AWS: Login via SSH key does no longer work
Closed, ResolvedPublicBUG

Description

Hello,

I am deploying VyOS 1.2.x on AWS using the build-ami scripts. In September, SSH login was working perfectly fine. Now, I cannot log in with the SSH key chosen when launching the instance.

Have there been any changes to the login process (I tried various usernames)? I could reproduce this down to 1.2.0-rc5.

Port is open, SSH is responding. Public key authentication is enabled.

Details

Difficulty level
Unknown (require assessment)
Version
1.2.0
Why the issue appeared?
Will be filled on close

Event Timeline

m.tremer created this task.Nov 13 2018, 2:37 PM

Do you also create the iso yourself or dowload it?
In 1.2 we will be using cloud-init and the ec2 init script was removed.

Please try to build the aws iso from vyos-build and use sudo make AWS
instead of sudo make iso.

If you use you own debian jessie build server please update live-build to
debian stretch version (uefi changes) or better yet use Docker.

Op di 13 nov. 2018 15:37 schreef m.tremer (Michael Tremer) <
phabricator@mg.vyos.io>:

Thanks for your reply.

Do you also create the iso yourself or dowload it?
In 1.2 we will be using cloud-init and the ec2 init script was removed.

Yes, I am aware of that I suspect that this is where the problem is.

Please try to build the aws iso from vyos-build and use sudo make AWS
instead of sudo make iso.

I did not build the ISO myself. I used the official RC builds and rolling releases for testing.

oliko added a subscriber: oliko.Nov 15 2018, 10:53 AM

Same problem, but at the bare metal server with VyOS 1.2-rc7 from repo.
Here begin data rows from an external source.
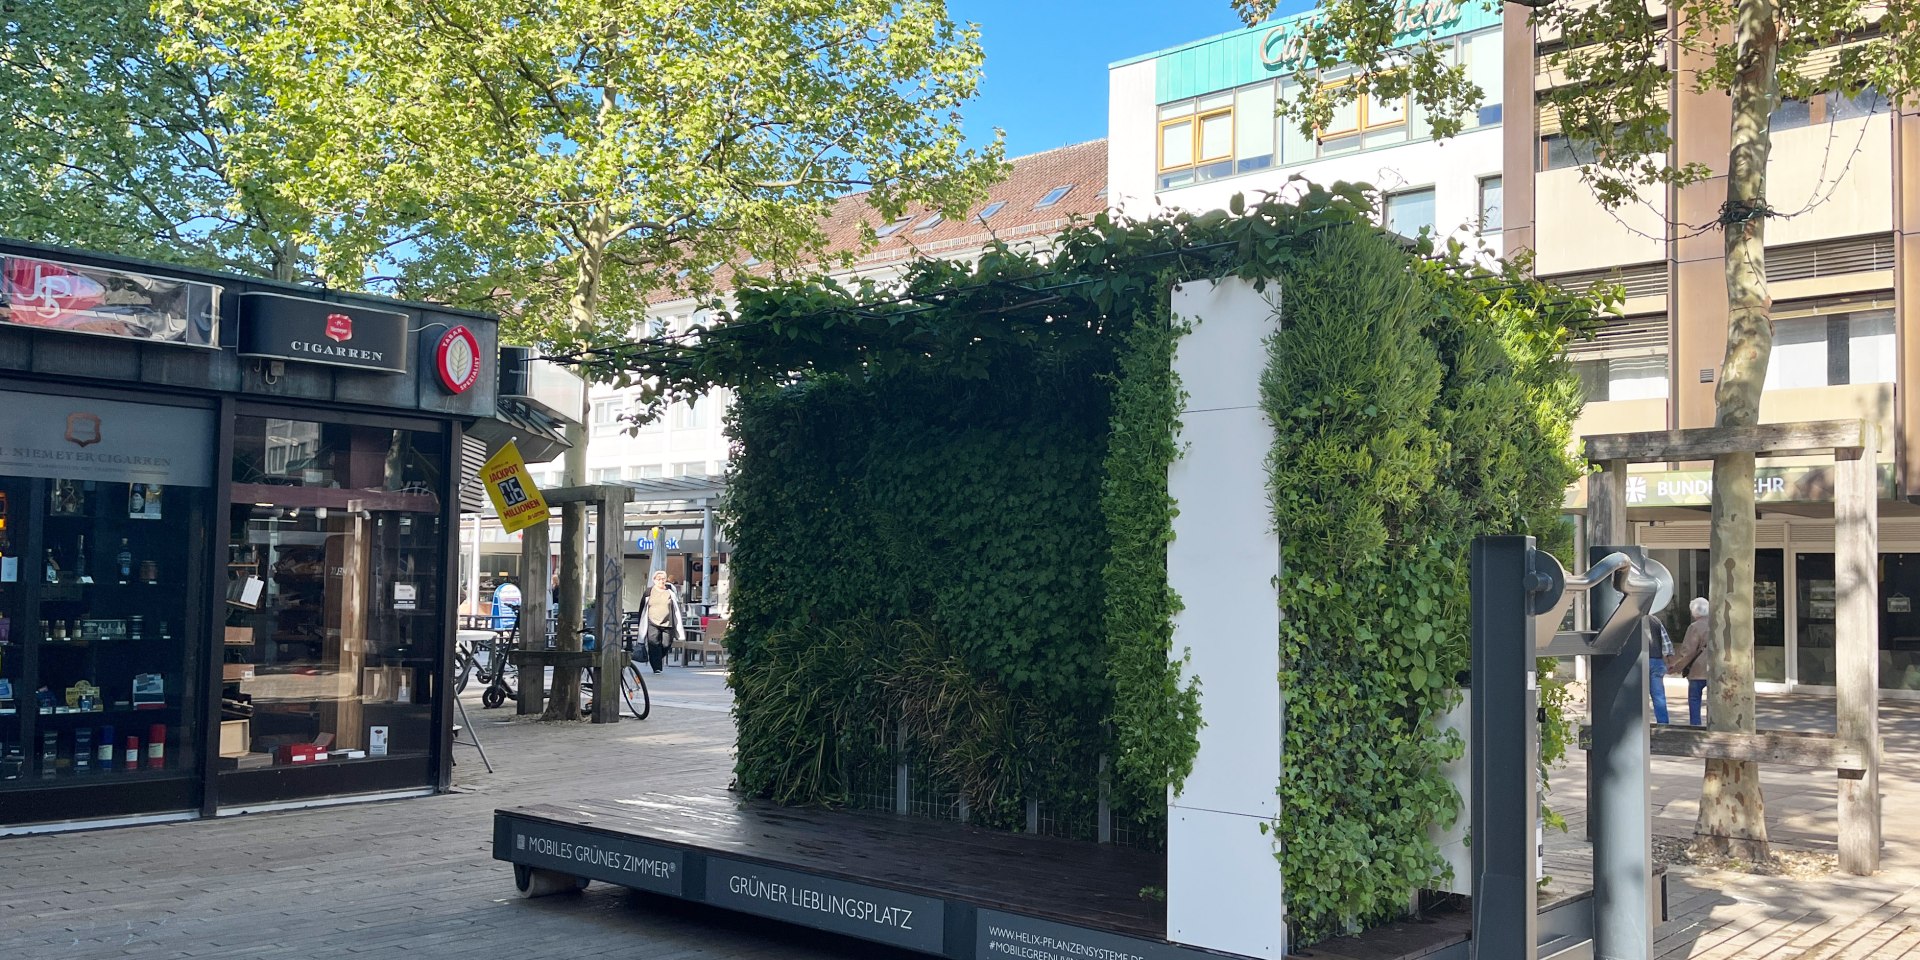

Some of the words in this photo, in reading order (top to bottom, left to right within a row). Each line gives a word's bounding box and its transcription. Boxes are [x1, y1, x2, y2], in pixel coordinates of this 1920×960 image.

[442, 328, 463, 347] TABAK
[290, 341, 383, 361] CIGARREN
[459, 357, 480, 391] SPEZIALIST
[12, 447, 95, 463] NIEMEYER
[97, 452, 171, 467] CIGARREN
[489, 464, 519, 484] JACKPOT
[1657, 477, 1785, 496] BUNDHR
[503, 499, 540, 519] MILLIONEN
[529, 836, 572, 859] MOBILES
[574, 844, 620, 869] GRÜNES
[729, 875, 788, 904] GRÜNER
[791, 887, 913, 930] LIEBLINGSPLATZ
In T1003#26043, @oliko wrote:

Same problem, but at the bare metal server with VyOS 1.2-rc7 from repo.

I cannot reproduce this on bare-metal. After setting eth0 to DHCP, enabling SSH and adding a key I could log in with that key via SSH.

This is the configuration I used:

vyos@vyos:~$ show configuration 
interfaces {
    ethernet eth0 {
        address dhcp
    }
    loopback lo {
    }
}
service {
    ssh {
        port 22
    }
}
system {
    config-management {
        commit-revisions 100
    }
    console {
        device ttyS0 {
            speed 9600
        }
    }
    host-name vyos
    login {
        user vyos {
            authentication {
                encrypted-password ****************
                plaintext-password ****************
                public-keys mykey {
                    key ****************
                    type ssh-ed25519
                }
            }
            level admin
        }
    }
    ntp {
        server 0.pool.ntp.org {
        }
        server 1.pool.ntp.org {
        }
        server 2.pool.ntp.org {
        }
    }
    syslog {
        global {
            facility all {
                level info
            }
            facility protocols {
                level debug
            }
        }
    }
}

That's why it either has something to do with the default configuration that build-ami is installing (and where I cannot see anything that doesn't look right) or cloud-init importing something wrong. However, I have no chance to see what configuration is applied by cloud-init (very easily).

syncer triaged this task as Normal priority.

Just to confirm, I tested this with RC8 and unfortunately, it still does not work.

syncer added a subscriber: syncer.Nov 20 2018, 3:00 PM

build-ami is obsolete and never was intended for 1.2 but 1.1
therefore it will not start work and will be removed at some point in favor of aws target

Okay, that is good to know. Unfortunately documentation is heavily outdated. However, I found a fix for this problem which I attached to this message as a patch.

The default vyos user was just missing when an image was being created with "make AWS".

syncer assigned this task to UnicronNL.Nov 21 2018, 7:55 PM
UnicronNL closed this task as Resolved.Nov 23 2018, 9:01 PM

@m.tremer added the patch, thanks... was under the impression cloud-init added the user as it is stated as default user, but clearly it does not.